Classes of the Summerlands: The Feral Druid

This druid circle is a drastic departure from the “feral child” druid archetype, but it was inspired by the same source: stories of children raised in the wild by animals.

This 5th edition class conversion was inspired by this month’s RPG Blog Carnival topic: “The Summerlands,” hosted by Tales of a DM.

Image by ButterfrogDruid: Circle of Wilding

You were raised in the wild, and are more feral than even your druid brethren. While you cannot read or write, you have a close bond with a single powerful animal. Your bond with that animal is so strong that you can choose that form for your Wild Shape, and an animal of that type accompanies you on your adventures. As you gain levels, your druid abilities tie you more closely to that beast’s environment, and your bond with your companion strengthens.

Raised in the Wild

You were raised among (if not by) animals in the wild. At 2nd level, choose one of the following animals: ape, brown bear, crocodile, deinonychus, dimetrodon, dire wolf, giant boar, giant elk, giant hyena, lion, panther, seal, or tiger. You can use your Wild Shape to transform into an animal of that type.

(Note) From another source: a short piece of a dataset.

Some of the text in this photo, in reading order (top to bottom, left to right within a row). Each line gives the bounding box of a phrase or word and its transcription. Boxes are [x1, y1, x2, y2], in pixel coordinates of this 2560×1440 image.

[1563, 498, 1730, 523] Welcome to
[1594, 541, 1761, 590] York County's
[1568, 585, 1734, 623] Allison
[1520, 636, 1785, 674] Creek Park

In addition, you gain the benefits of the speak with animals spell for the purposes of communicating with beasts of your chosen type. You can use this ability even while you are using your Wild Shape ability.

You cannot read or write any of your chosen languages, unless you spend a tool or language proficiency to learn to do so.

Childhood Companion

At 2nd level, you gain a beast companion of your chosen type that accompanies you on your adventures and fights alongside you. Add your proficiency bonus to the beast’s AC, attack rolls, and damage rolls, as well as to any saving throws and skills it is proficient in. Its hit point maximum equals its normal maximum or four times your druid level, whichever is higher.

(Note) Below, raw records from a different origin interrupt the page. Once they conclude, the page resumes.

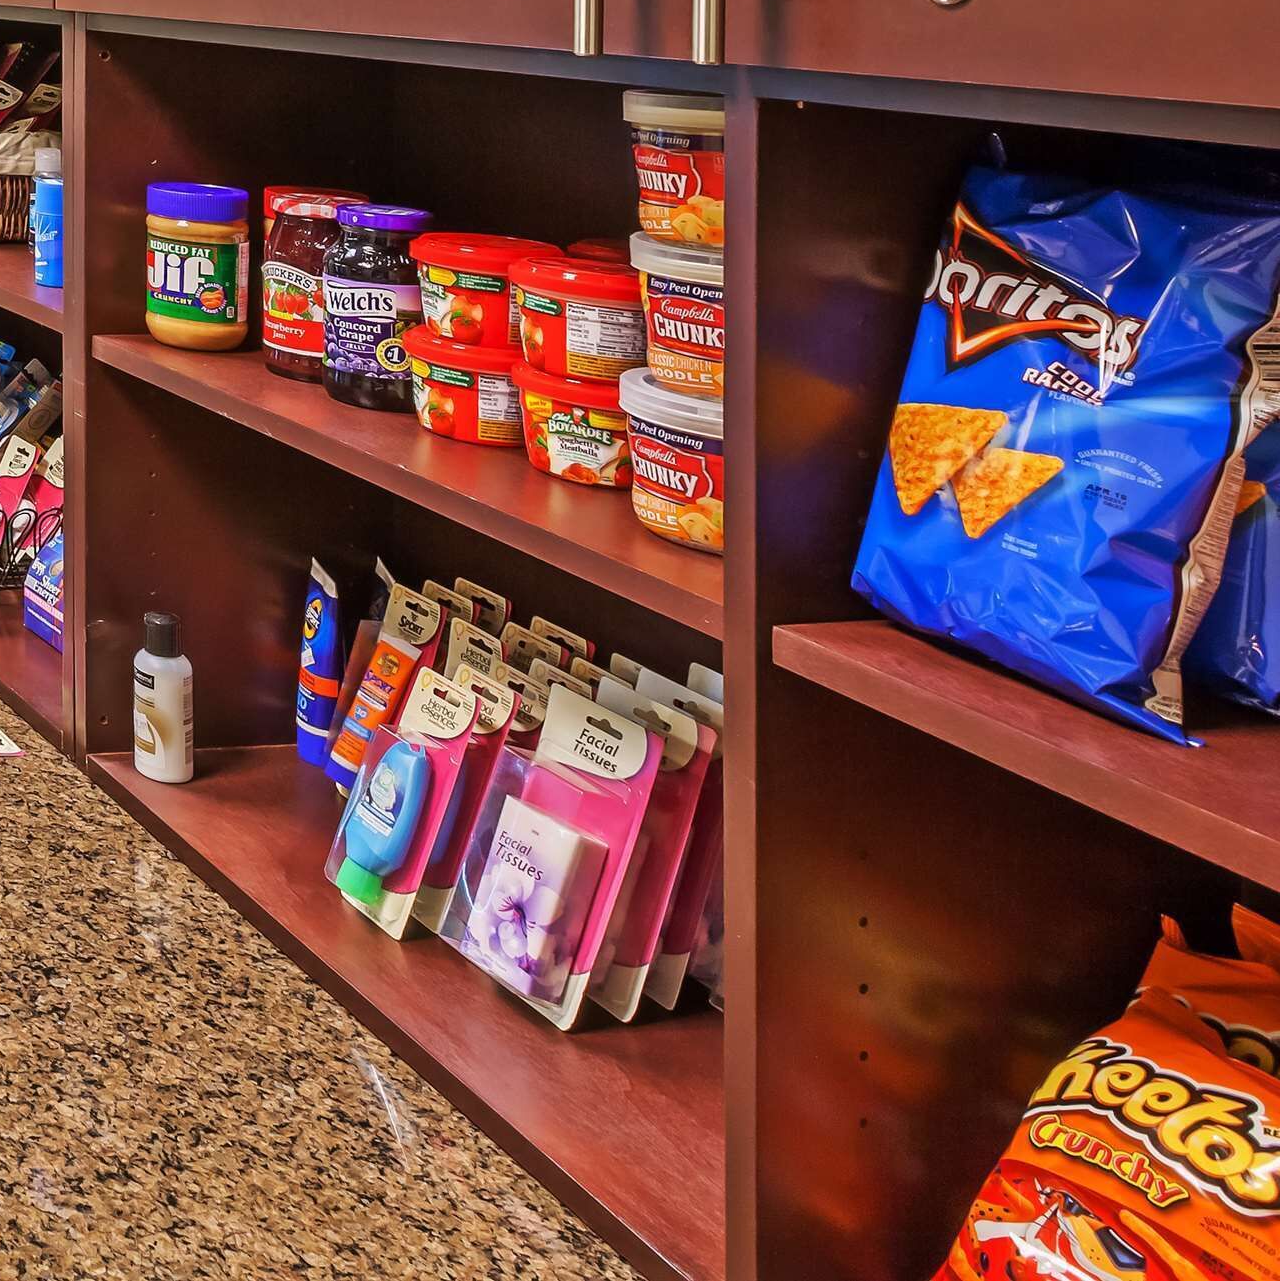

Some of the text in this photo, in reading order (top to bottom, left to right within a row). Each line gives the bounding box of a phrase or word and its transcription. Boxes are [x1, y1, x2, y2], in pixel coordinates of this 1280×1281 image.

[650, 134, 690, 147] Opening
[191, 247, 211, 258] FAT
[147, 251, 215, 294] Jif
[153, 292, 193, 305] CRUNCHY
[669, 282, 690, 294] Peel
[328, 290, 393, 312] Welch's
[272, 330, 286, 340] Jam
[333, 317, 381, 335] Concord
[338, 328, 375, 343] Grape
[345, 342, 367, 351] JELLY
[386, 347, 401, 363] #1
[548, 419, 612, 445] BOYARDEE
[557, 435, 600, 451] Spaghetti &
[640, 422, 657, 436] Peel
[657, 428, 703, 450] Opening
[560, 444, 598, 458] Meatballs
[1076, 449, 1164, 483] GUARANTEED FRESH
[33, 580, 60, 607] Energy
[40, 574, 62, 596] Sheer
[460, 652, 490, 674] essence
[420, 703, 459, 731] essences
[427, 697, 457, 720] Herbal
[578, 728, 620, 758] Facial
[572, 739, 618, 773] Tissues
[498, 830, 533, 856] Facial
[495, 842, 544, 882] Tissues
[1029, 1041, 1280, 1203] heetos
[1031, 1114, 1189, 1207] Crunchy
[1203, 1216, 1277, 1257] GUARANTEED

The beast obeys your commands as best it can, taking its turn on your initiative, though it does no act unless you command it to, unless you are incapacitated, in which case it uses its action to defend you. On your turn, you can command the beast to Move without using an action. You can use your action to command it to take the Attack, Dash, Disengage, Dodge, or Help action. At 6th level, you can use a bonus action to command it to take the Dash, Disengage, Dodge, or Help action, as long as it does not attack that turn. If you command your companion to attack, it may only attack once, even it normally has the Multiattack action.

If the beast dies, you can obtain another one of the same type by spending 8 hours bonding with it.

Land’s Stride

At 6th level, moving through nonmagical difficult terrain costs you no extra movement. You can also pass through nonmagical plants without being slowed by them and without taking damage from them if they have thorns, spines, or a similar hazard.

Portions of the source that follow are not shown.